Retype every record exactly. Leave the pictures out.
---------- PROVIDED RECORDS ----------
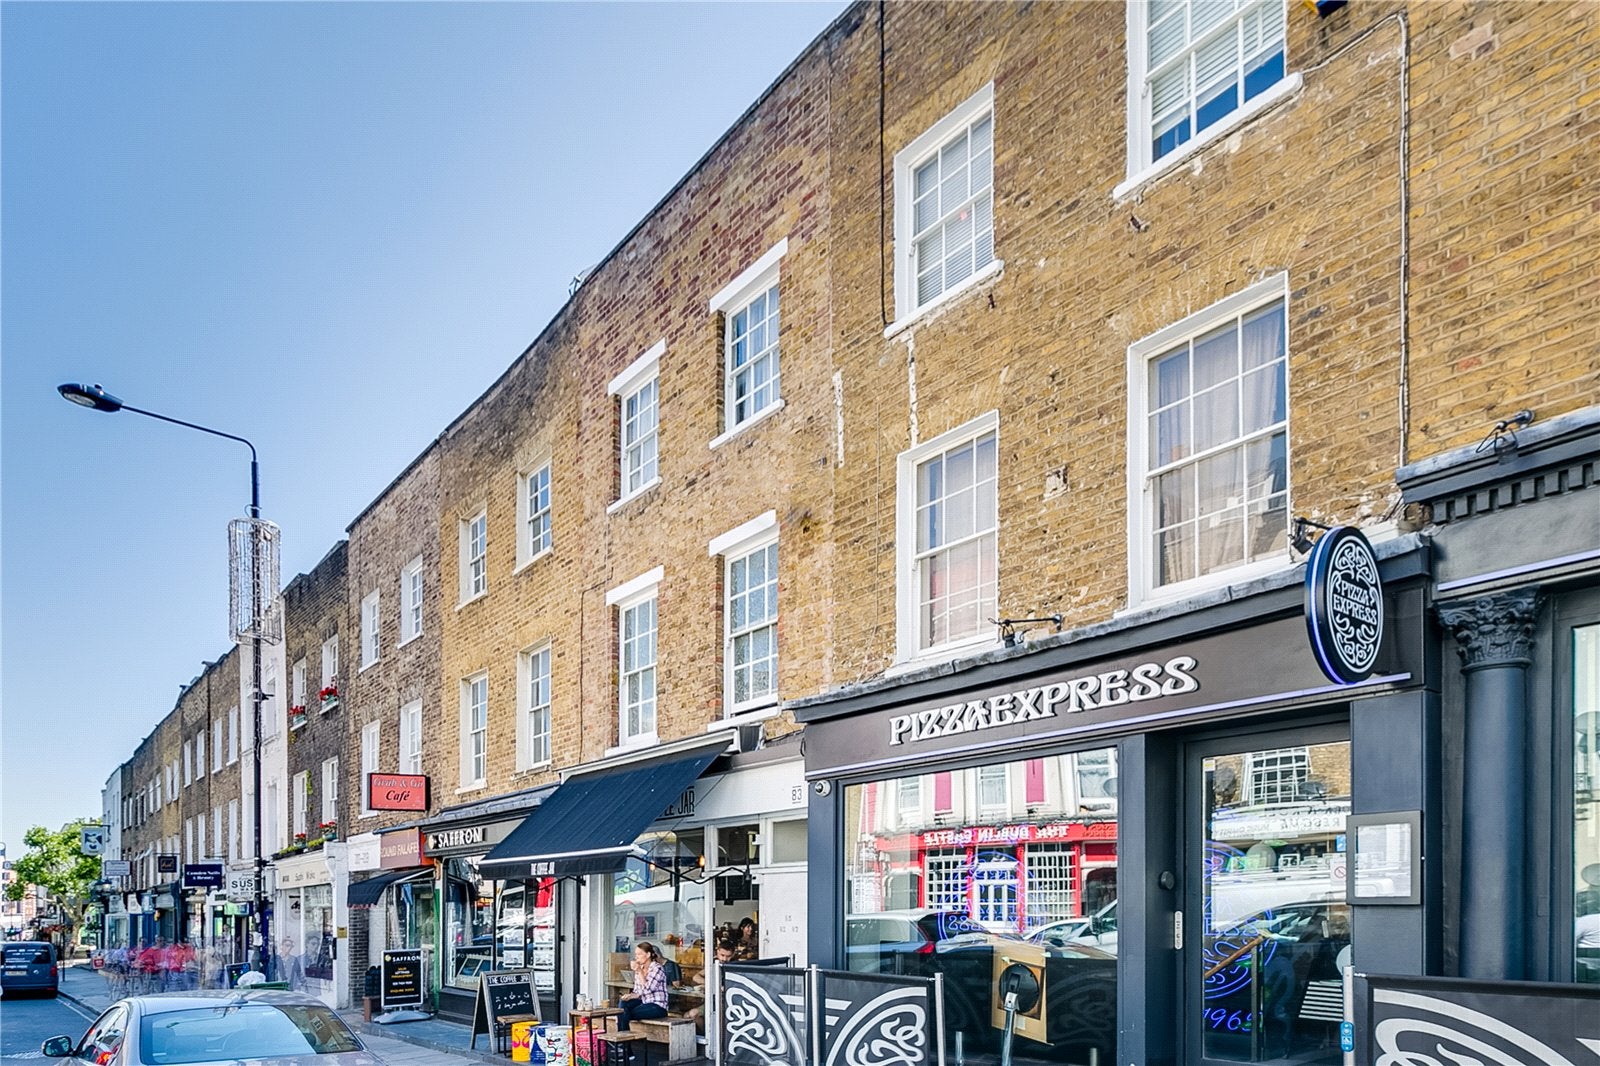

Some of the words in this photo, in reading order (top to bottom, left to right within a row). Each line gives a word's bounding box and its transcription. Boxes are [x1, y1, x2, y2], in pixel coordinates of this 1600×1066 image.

[1341, 580, 1369, 606] PIZZA
[1333, 594, 1377, 625] EXPRESS
[889, 656, 1198, 746] PIZZAEXPRESS
[400, 778, 408, 788] &
[385, 790, 410, 803] Café
[678, 791, 695, 814] JAR
[792, 788, 802, 801] 83
[438, 828, 482, 848] SAFFRON
[392, 955, 421, 963] SAFFRON
[488, 976, 498, 984] THE
[500, 974, 517, 984] COFFEE
----------
* [WRITTEN SOLUTION]
Some of the words in this photo, in reading order (top to bottom, left to right within a row). Each line gives a word's bounding box and its transcription. Boxes are [x1, y1, x2, y2], in pixel coordinates of this 1600×1066 image.

[1341, 580, 1369, 606] PIZZA
[1333, 594, 1377, 625] EXPRESS
[889, 656, 1198, 746] PIZZAEXPRESS
[400, 778, 408, 788] &
[385, 790, 410, 803] Café
[678, 791, 695, 814] JAR
[792, 788, 802, 801] 83
[438, 828, 482, 848] SAFFRON
[392, 955, 421, 963] SAFFRON
[488, 976, 498, 984] THE
[500, 974, 517, 984] COFFEE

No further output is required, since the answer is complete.